There is also recognition technology that doesn’t look at faces. Automatic license plate recognition (ALPR) can play a role in retail’s effort to combat ORC, according to consultant Joel Rieger. He has helped major retailers implement systems that use ALPR to create white lists for entry into employee parking areas and for security trendspotting, such as recognizing a car that makes an unusual number of passbys. Canadian Tire is one retailer that reports success using ALPR. Utilizing 3VR’s VIP License Plate Recognition, one store owner says she uses the tool to verify parking lot activity as well as adherence to store policy, reviewing that each car entering a service bay has a valid service ticket.

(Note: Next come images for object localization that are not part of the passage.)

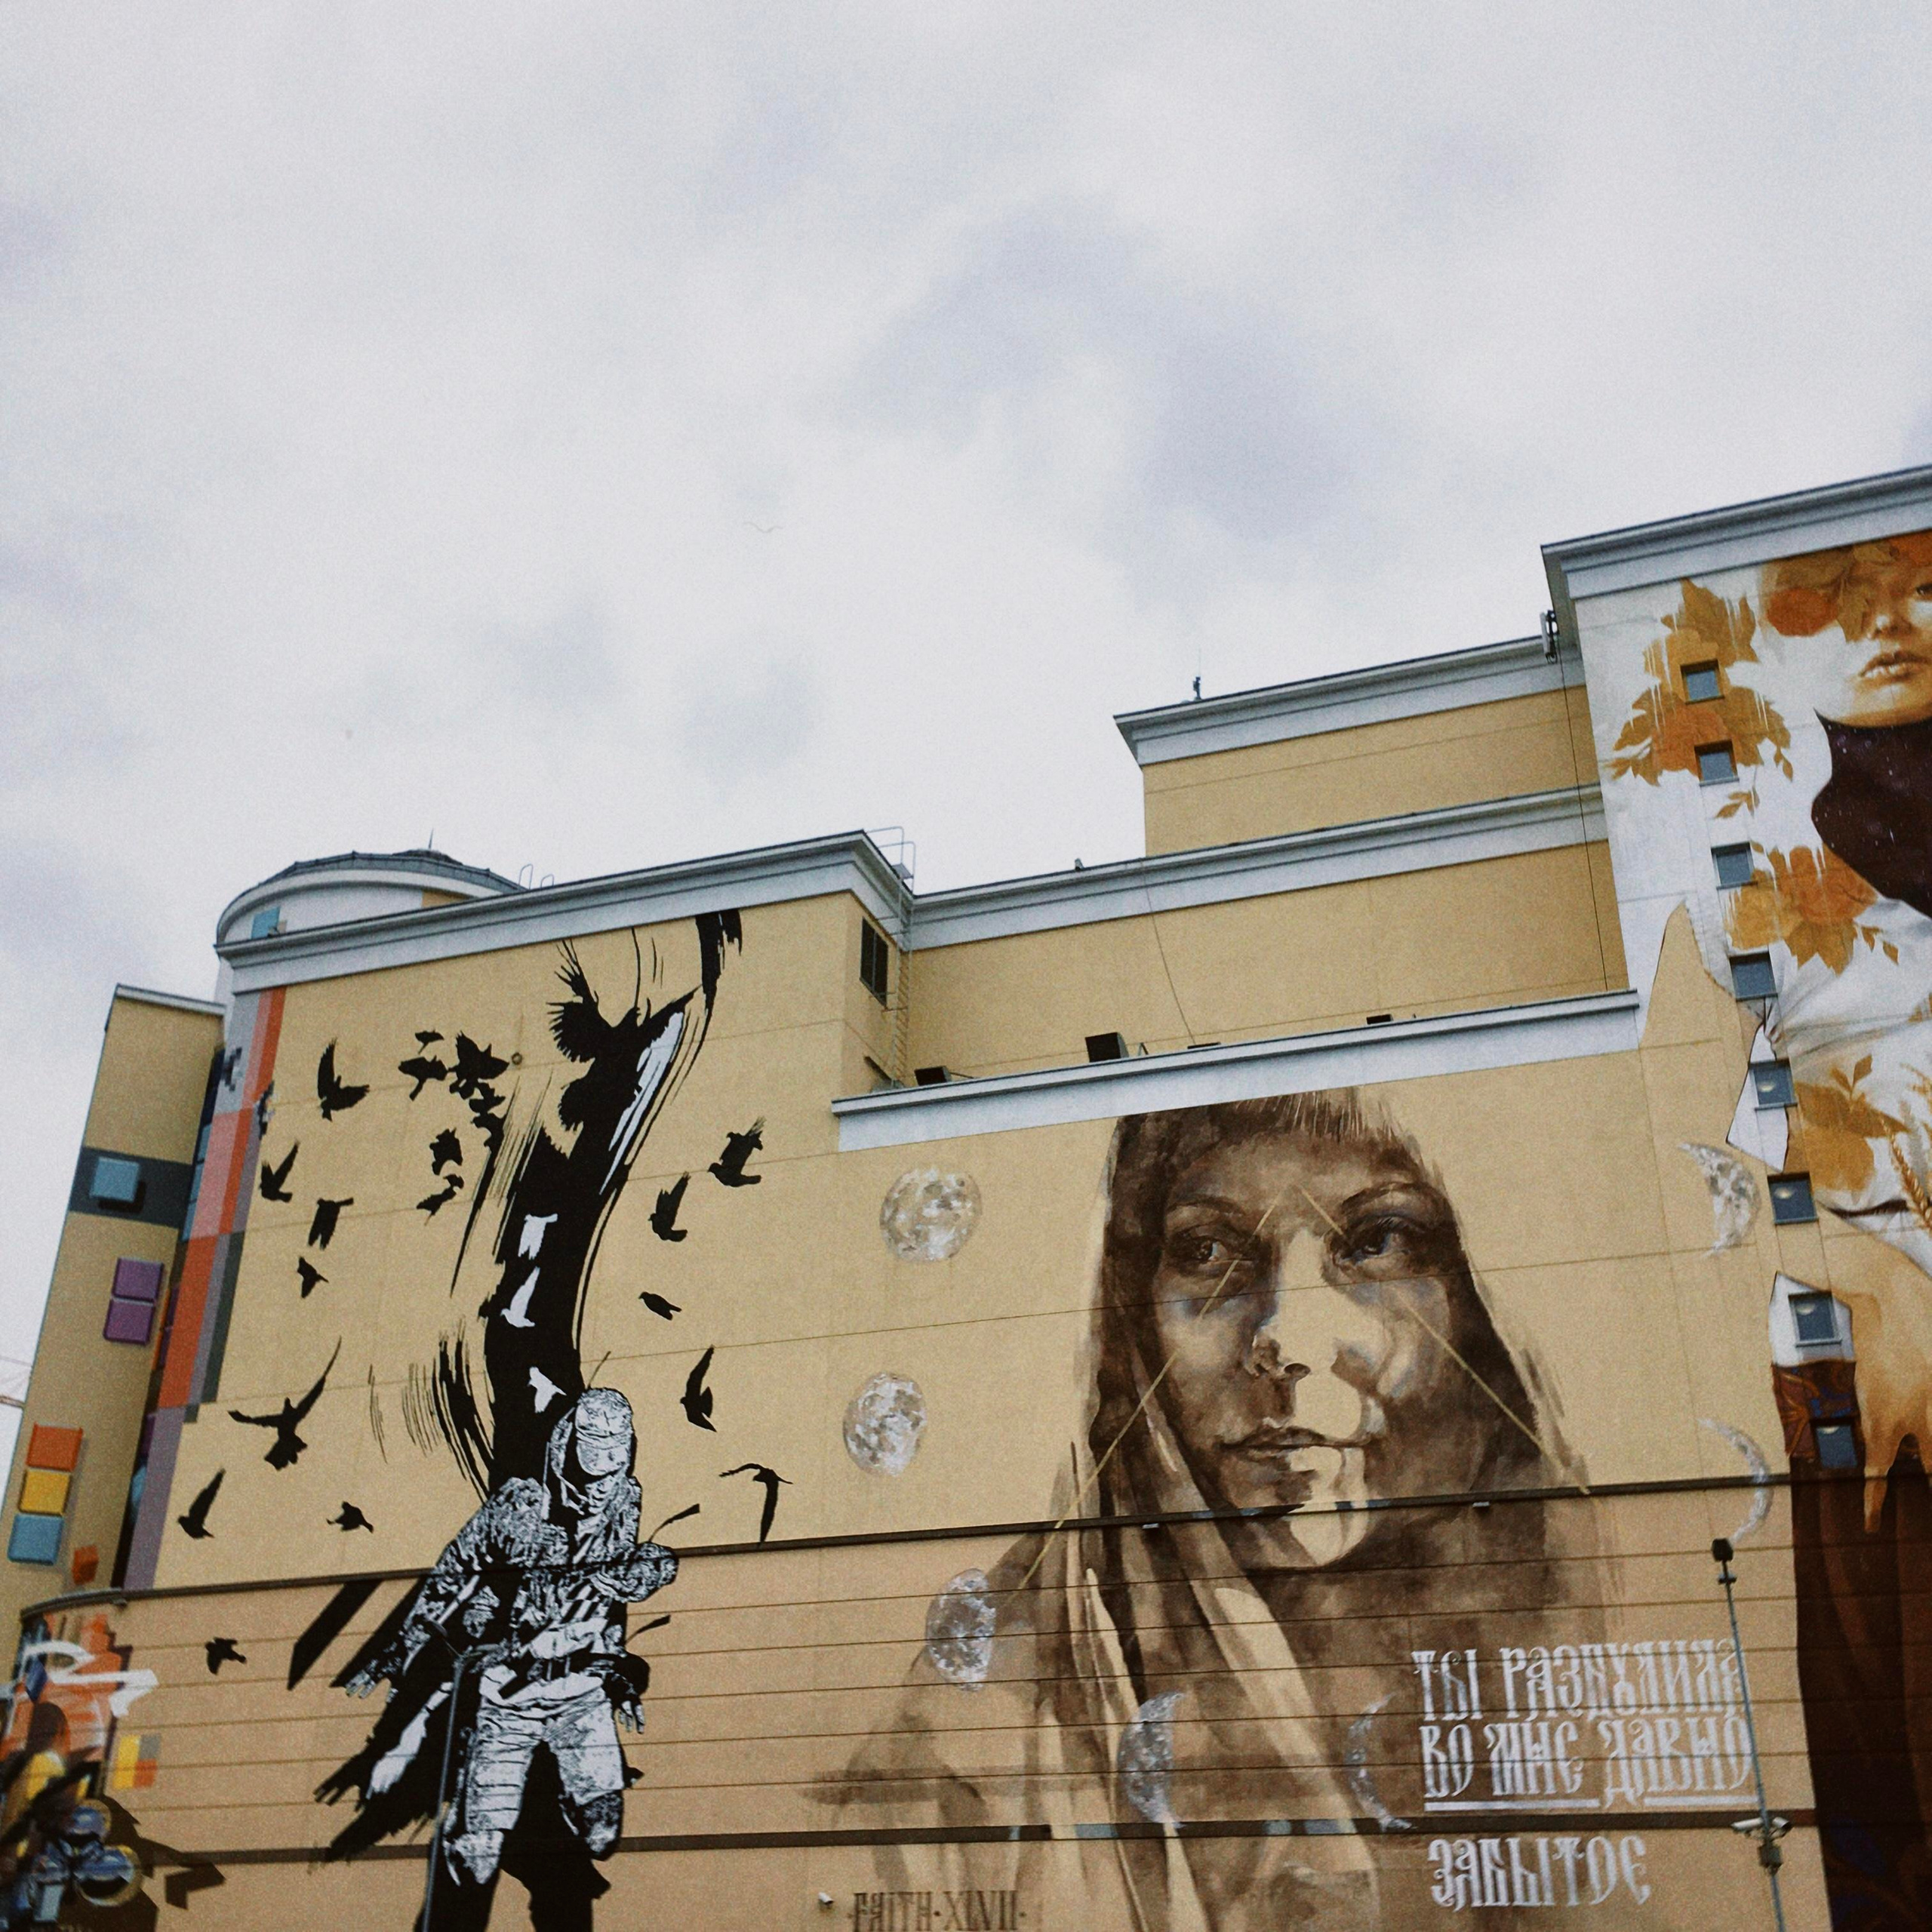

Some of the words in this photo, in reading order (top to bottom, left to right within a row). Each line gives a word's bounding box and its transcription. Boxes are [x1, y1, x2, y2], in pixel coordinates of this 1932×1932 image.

[1411, 1648, 1483, 1721] ТЫ
[1419, 1724, 1474, 1798] ВО
[1484, 1720, 1584, 1796] МНЕ
[1596, 1715, 1755, 1808] ДАВНО
[1428, 1835, 1651, 1912] ЗАБЫТОЕ
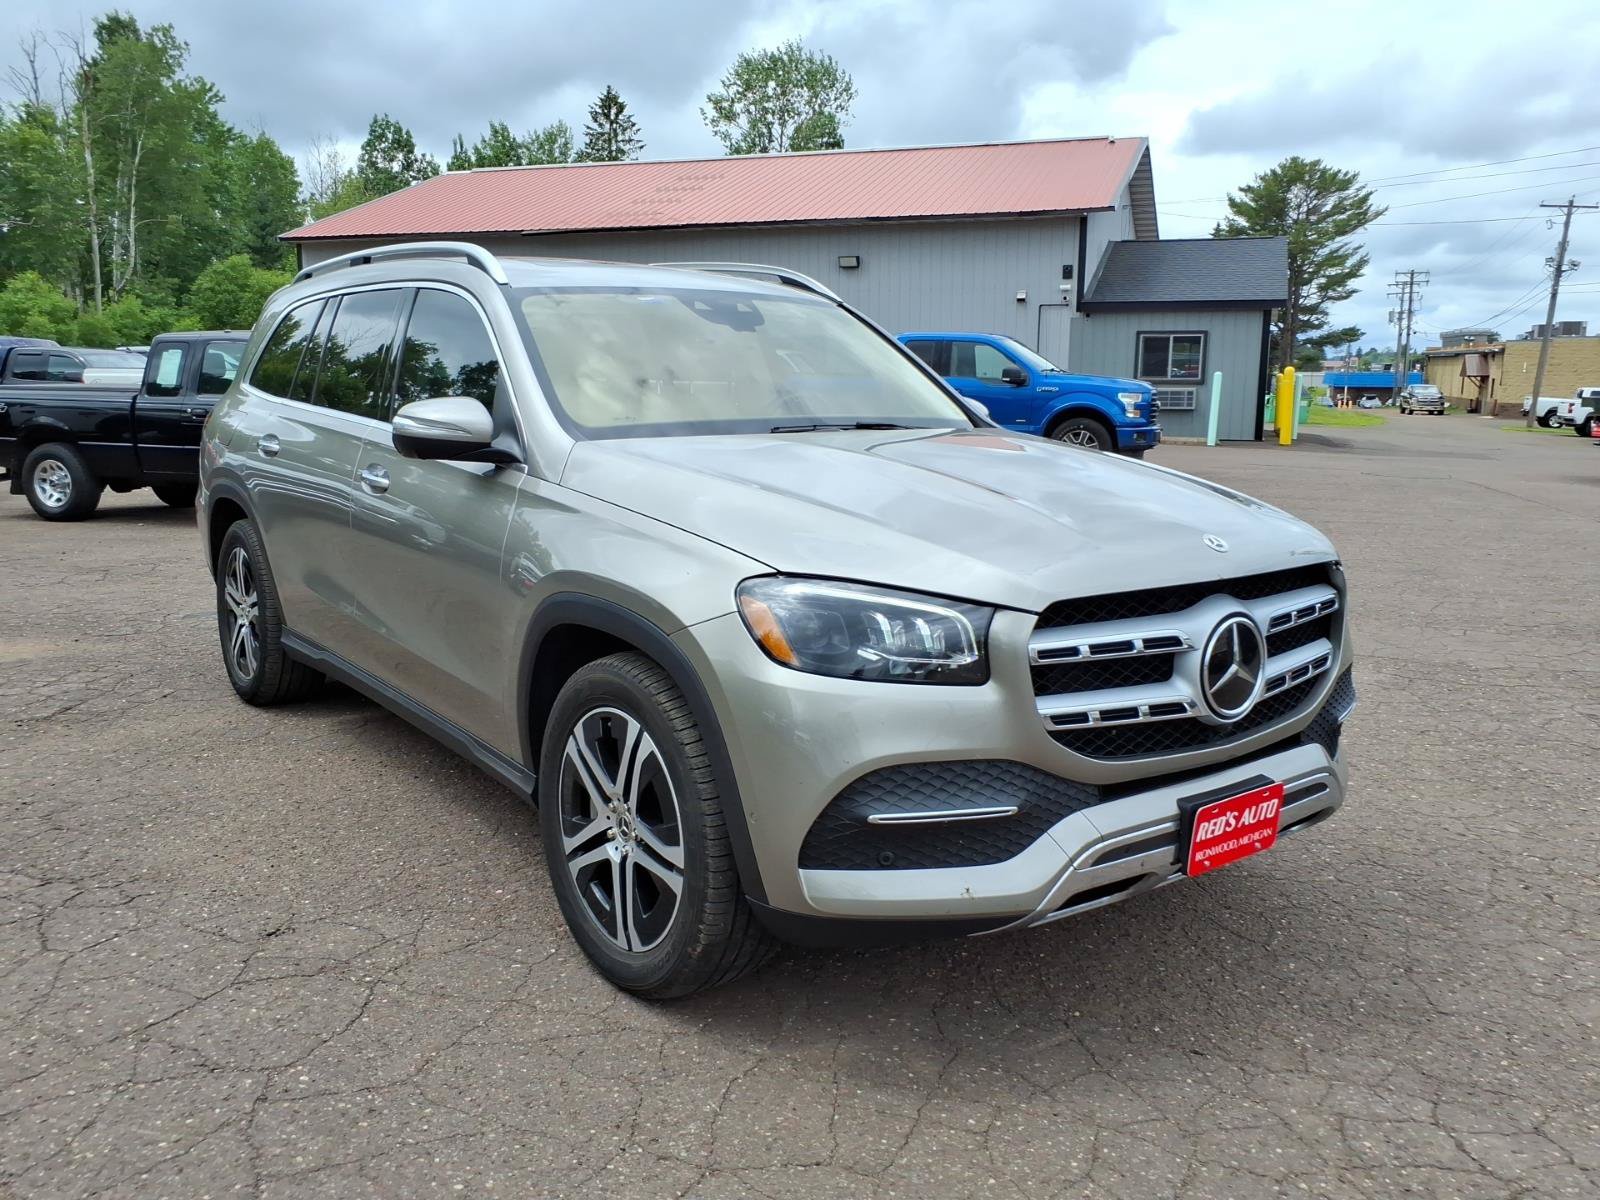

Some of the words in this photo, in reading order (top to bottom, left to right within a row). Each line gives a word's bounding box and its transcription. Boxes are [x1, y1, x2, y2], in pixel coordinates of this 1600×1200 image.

[1195, 811, 1238, 842] RED'S
[1237, 798, 1279, 828] AUTO
[1238, 827, 1273, 846] MICHIGAN
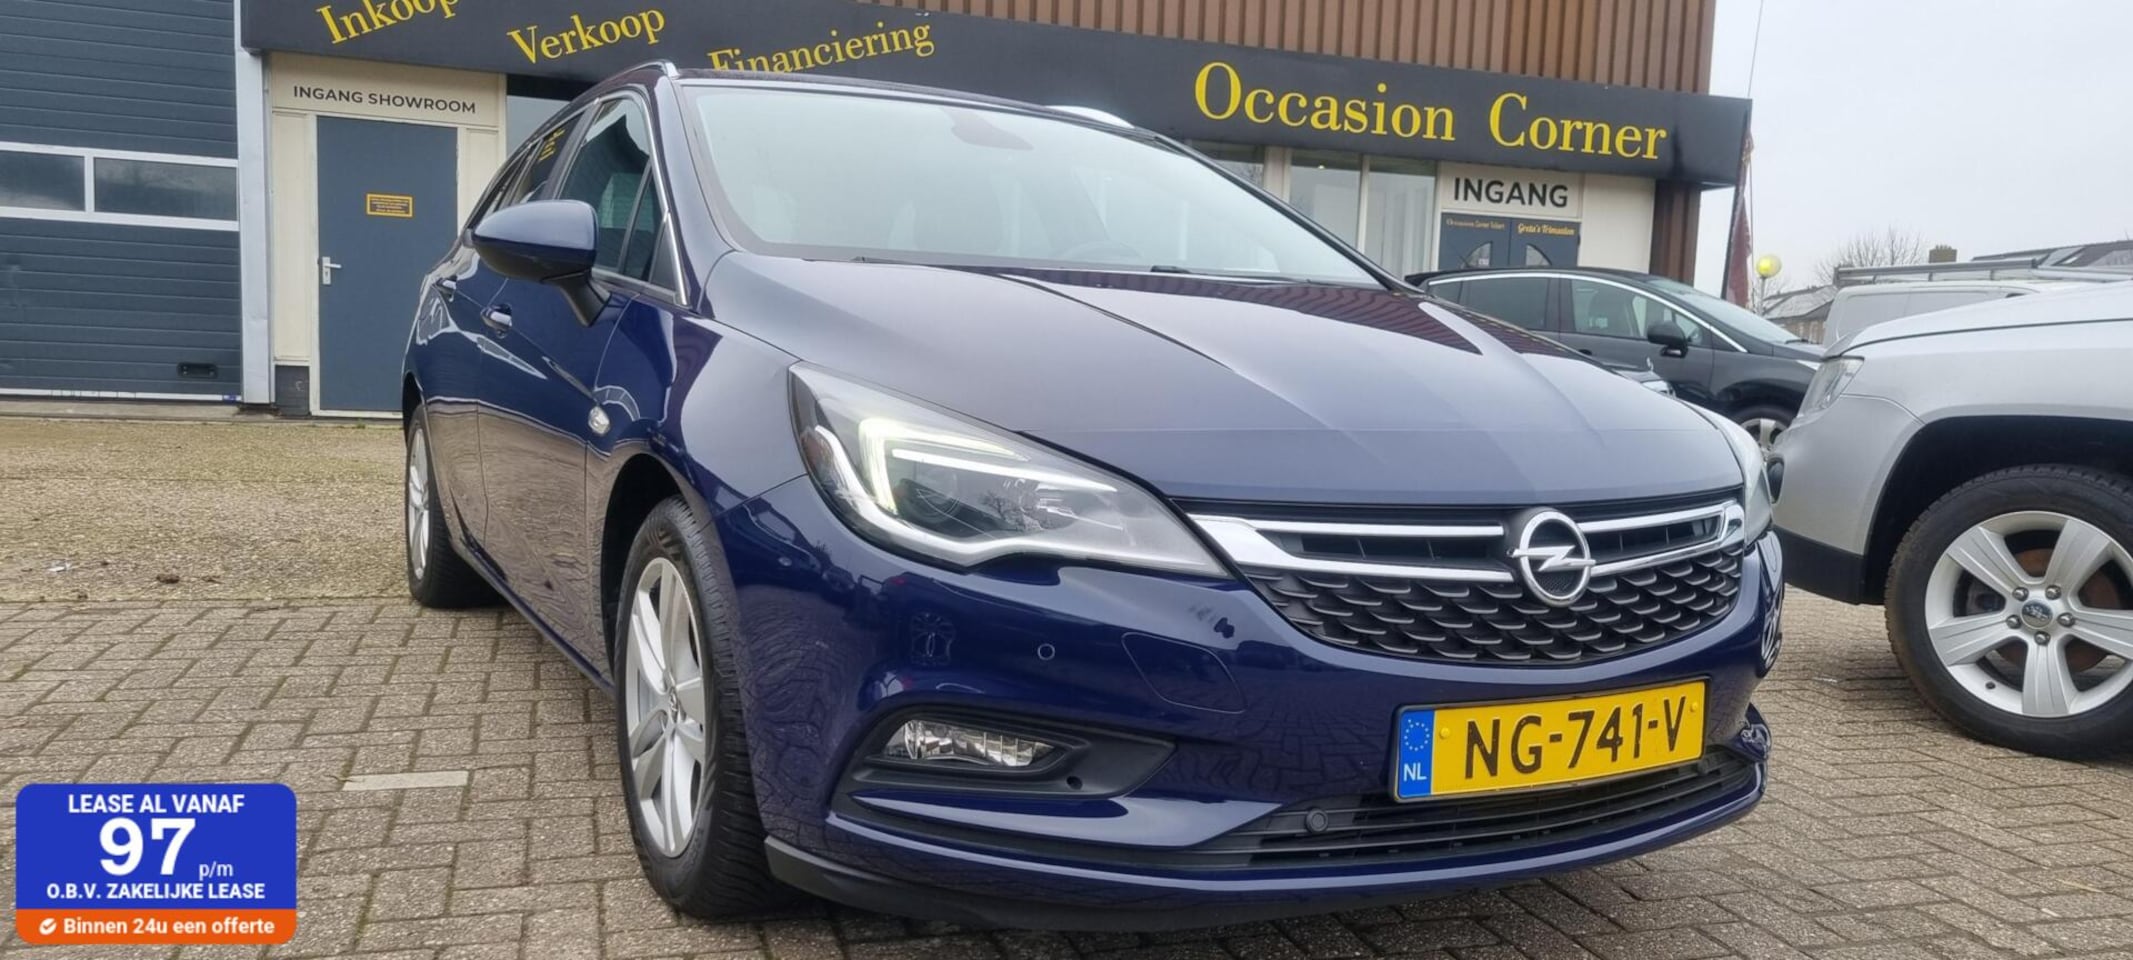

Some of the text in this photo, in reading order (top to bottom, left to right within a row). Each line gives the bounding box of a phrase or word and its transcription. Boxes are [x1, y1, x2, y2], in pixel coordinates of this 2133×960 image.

[507, 8, 665, 64] Verkoop
[707, 21, 935, 72] Financiering
[293, 85, 476, 114] INGANG SHOWROOM
[1194, 61, 1667, 160] Occasion Corner
[1454, 177, 1568, 208] INGANG
[1464, 696, 1686, 780] NG-741-V
[1403, 762, 1427, 781] NL

Finally, most FRT systems enable LP to do more than recognize faces. Retail by DeepCam, for example, is designed to tackle shoplifting holistically. First, through its “advise” technology, AI points investigators to video of individuals who were in the store and exhibited suspicious behaviors. If shoplifting is identified, the system’s “match” technology permits the retailer to flag those individuals. If they again enter either that store or any other location with which the data is shared, personnel will receive an alert.
Using AI, the system is designed to get better over time at recognizing suspicious behaviors, increasing its benefit to retailers the longer they use it. As such, the ability of a technology tool that can alert a store agent when an individual in aisle 6 is about to steal something no longer seems impossible. With AI, machines can get quite skilled at recognizing when someone looks suspicious in the same way that a good LP agent has always done, said Rieger. “Matching” technology is also likely to change. “As we go forward and evolve this technology as we get the training data, it will be looking at more than the face, such as the whole body positioning or their gait, and use that to be able to say, ‘This is the same person,'” said DeepCam COO Charles Fleischman.